**YOUR ASSIGNMENT**
Your task is to output all the records below, word for word.

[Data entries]
▼

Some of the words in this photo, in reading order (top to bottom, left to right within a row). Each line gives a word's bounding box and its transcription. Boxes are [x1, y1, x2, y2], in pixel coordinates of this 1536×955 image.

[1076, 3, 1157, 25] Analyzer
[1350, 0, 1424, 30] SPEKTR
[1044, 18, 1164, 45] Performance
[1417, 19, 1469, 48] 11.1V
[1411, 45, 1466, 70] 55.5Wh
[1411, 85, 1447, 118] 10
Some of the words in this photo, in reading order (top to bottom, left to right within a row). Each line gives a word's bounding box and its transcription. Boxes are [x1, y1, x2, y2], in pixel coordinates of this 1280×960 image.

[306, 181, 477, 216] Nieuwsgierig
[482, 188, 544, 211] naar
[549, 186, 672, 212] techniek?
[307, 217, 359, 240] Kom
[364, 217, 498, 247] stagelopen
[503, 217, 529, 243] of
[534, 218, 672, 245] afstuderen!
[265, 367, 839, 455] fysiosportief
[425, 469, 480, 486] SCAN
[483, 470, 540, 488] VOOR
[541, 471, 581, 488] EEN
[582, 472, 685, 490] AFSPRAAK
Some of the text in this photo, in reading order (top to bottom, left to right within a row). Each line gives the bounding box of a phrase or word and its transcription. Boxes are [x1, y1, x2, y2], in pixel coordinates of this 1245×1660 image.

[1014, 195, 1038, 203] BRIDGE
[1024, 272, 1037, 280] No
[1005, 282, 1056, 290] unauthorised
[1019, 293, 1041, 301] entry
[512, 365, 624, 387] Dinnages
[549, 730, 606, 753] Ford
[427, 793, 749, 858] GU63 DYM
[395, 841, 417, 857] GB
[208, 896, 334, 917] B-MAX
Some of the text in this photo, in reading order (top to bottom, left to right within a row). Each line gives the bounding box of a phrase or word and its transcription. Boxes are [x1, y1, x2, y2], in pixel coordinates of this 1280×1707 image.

▲

**WRITTEN ANSWER**
Some of the words in this photo, in reading order (top to bottom, left to right within a row). Each line gives a word's bounding box and its transcription. Boxes are [x1, y1, x2, y2], in pixel coordinates of this 1536×955 image.

[1076, 3, 1157, 25] Analyzer
[1350, 0, 1424, 30] SPEKTR
[1044, 18, 1164, 45] Performance
[1417, 19, 1469, 48] 11.1V
[1411, 45, 1466, 70] 55.5Wh
[1411, 85, 1447, 118] 10
Some of the words in this photo, in reading order (top to bottom, left to right within a row). Each line gives a word's bounding box and its transcription. Boxes are [x1, y1, x2, y2], in pixel coordinates of this 1280×960 image.

[306, 181, 477, 216] Nieuwsgierig
[482, 188, 544, 211] naar
[549, 186, 672, 212] techniek?
[307, 217, 359, 240] Kom
[364, 217, 498, 247] stagelopen
[503, 217, 529, 243] of
[534, 218, 672, 245] afstuderen!
[265, 367, 839, 455] fysiosportief
[425, 469, 480, 486] SCAN
[483, 470, 540, 488] VOOR
[541, 471, 581, 488] EEN
[582, 472, 685, 490] AFSPRAAK
Some of the text in this photo, in reading order (top to bottom, left to right within a row). Each line gives the bounding box of a phrase or word and its transcription. Boxes are [x1, y1, x2, y2], in pixel coordinates of this 1245×1660 image.

[1014, 195, 1038, 203] BRIDGE
[1024, 272, 1037, 280] No
[1005, 282, 1056, 290] unauthorised
[1019, 293, 1041, 301] entry
[512, 365, 624, 387] Dinnages
[549, 730, 606, 753] Ford
[427, 793, 749, 858] GU63 DYM
[395, 841, 417, 857] GB
[208, 896, 334, 917] B-MAX
Some of the text in this photo, in reading order (top to bottom, left to right within a row). Each line gives the bounding box of a phrase or word and its transcription. Boxes are [x1, y1, x2, y2], in pixel coordinates of this 1280×1707 image.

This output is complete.